The Multi-Source Synthesis Problem in Healthcare AI: Is Multi-Hop Retrieval the Missing Key Piece?

By James W. Kim

A vast dark library with thousands of medical journals on shelves fading into shadow, a handful of documents glowing with teal light and connected by luminous threads — representing the knowledge synthesis gap in healthcare AI

Mirroring the pattern of enterprise AI, AI in healthcare is following a similar trajectory. Succeeding brilliantly in solving some defined problems - particularly when given narrow objectives - AI struggles immensely when complex information needs to be synthesized, which a fundamental problem considering human health is the sum of complex biological system interactions.
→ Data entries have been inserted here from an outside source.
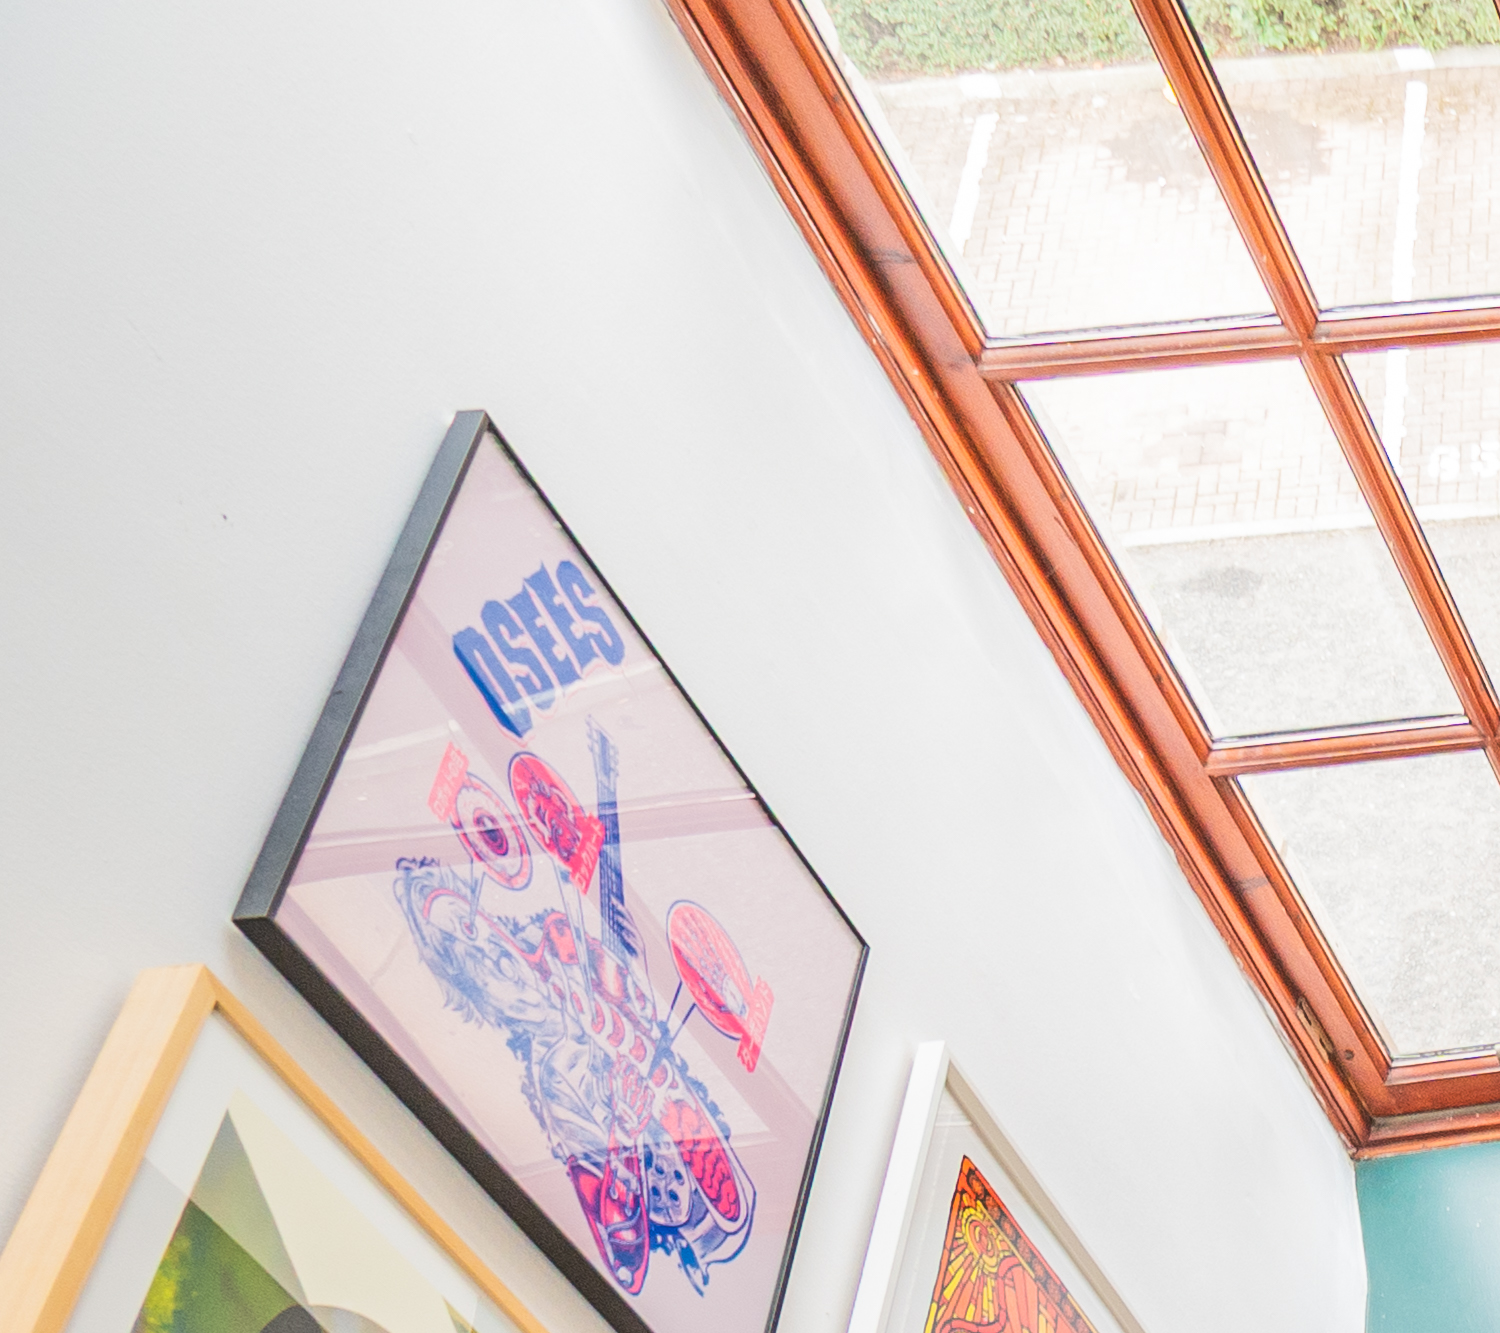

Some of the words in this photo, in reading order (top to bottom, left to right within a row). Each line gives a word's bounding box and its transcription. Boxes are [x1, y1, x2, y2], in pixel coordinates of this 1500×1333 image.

[453, 556, 628, 741] OSEES
[572, 815, 605, 893] ロックハート
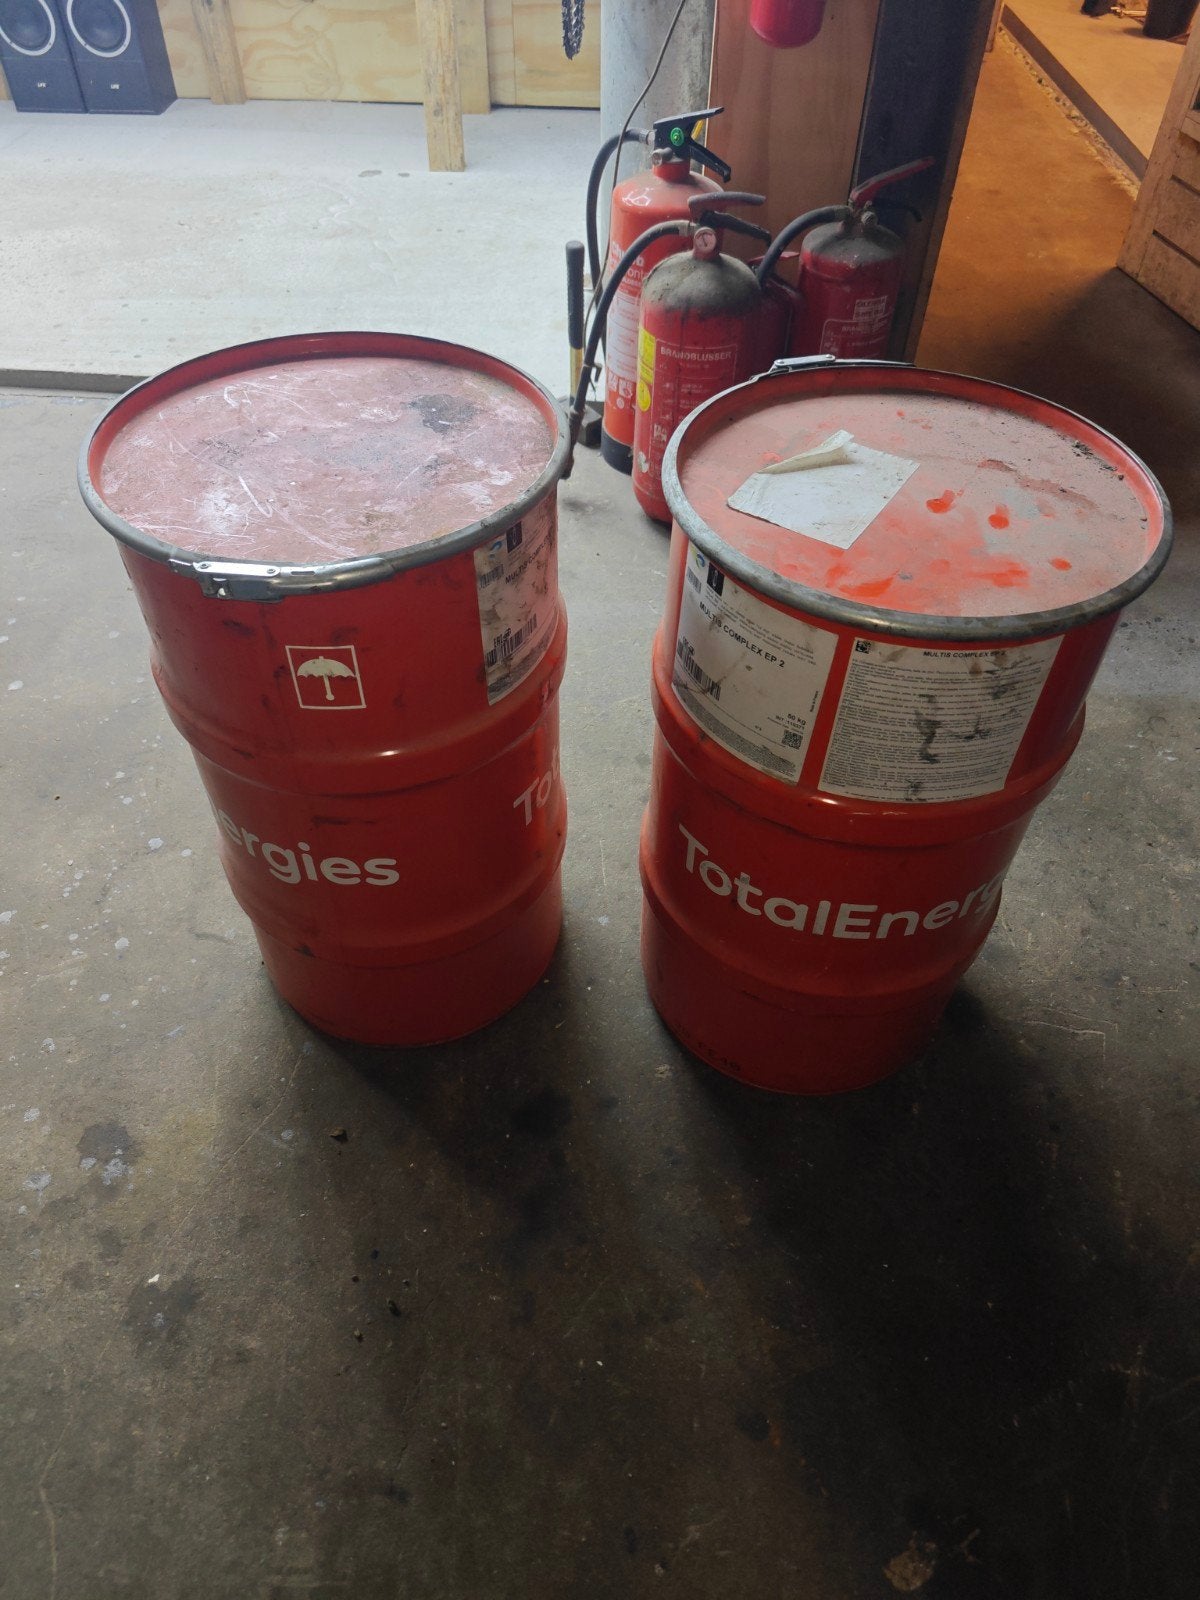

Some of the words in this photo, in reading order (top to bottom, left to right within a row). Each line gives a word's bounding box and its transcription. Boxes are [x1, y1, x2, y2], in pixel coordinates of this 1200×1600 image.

[660, 346, 733, 361] BRANDBLUSSER
[699, 600, 723, 628] MULTIS
[722, 623, 763, 657] COMPLEX
[763, 651, 778, 664] EP
[778, 659, 786, 668] 2
[922, 650, 951, 658] MULTIS
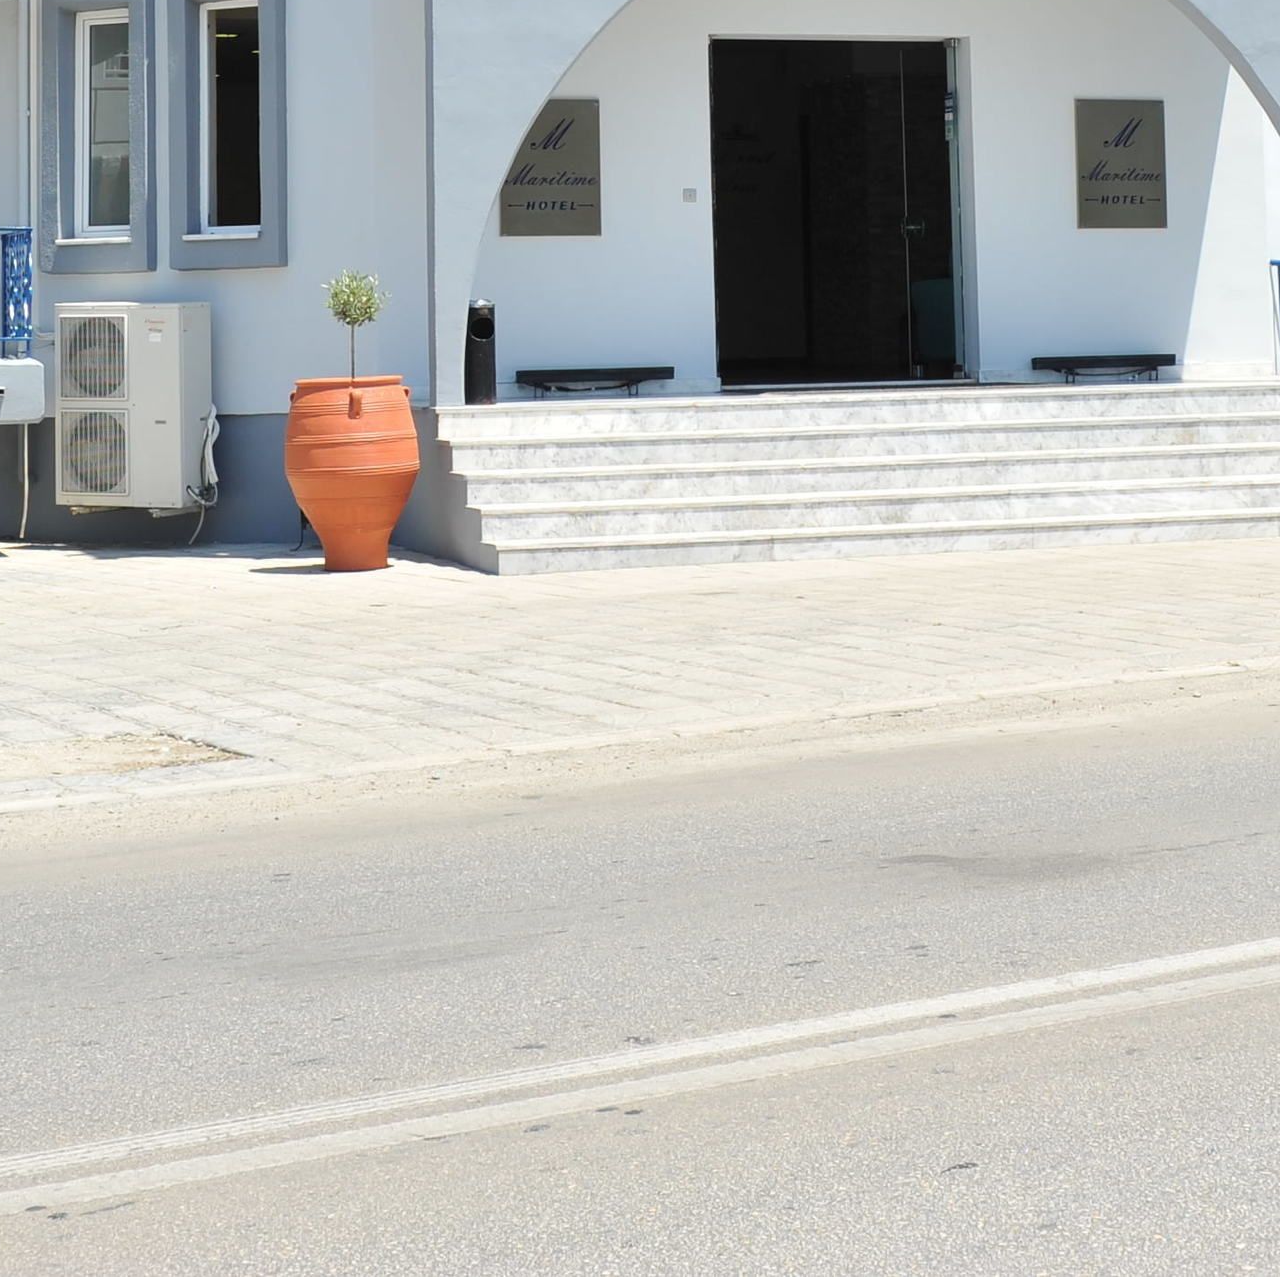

We trace this pattern across the spectrum of examples and analyze the core reason for early failures, then proceed to examine recent successes to see why multi-source synthesis is looking more and more like the key to unlocking the true power of AI in healthcare. AI still needs more development, but the wins tell a clear story on which direction should be taken.


Where AI Succeeds

The FDA has authorized 1,451 AI-enabled medical devices through December 2025, with 295 in 2025 alone - a single-year record (Innolitics 2025 Year in Review). The distribution is striking: 1,104 of those devices (76%) are radiology tools (FDA AI/ML-Enabled Medical Devices tracker; IntuitionLabs analysis, March 2026). Cardiology accounts for roughly 9%, neurology 5%. Everything else is scattered across dozens of specialties.

Part of this clustering can be attributed to unintentional regulatory bias - the FDA’s 510(k) pathway rewards narrow, well-bounded claims aimed at lower-risk indications for faster clearance, which structurally favors simpler diagnostic tools. But the regulatory incentive alone does not explain the pattern.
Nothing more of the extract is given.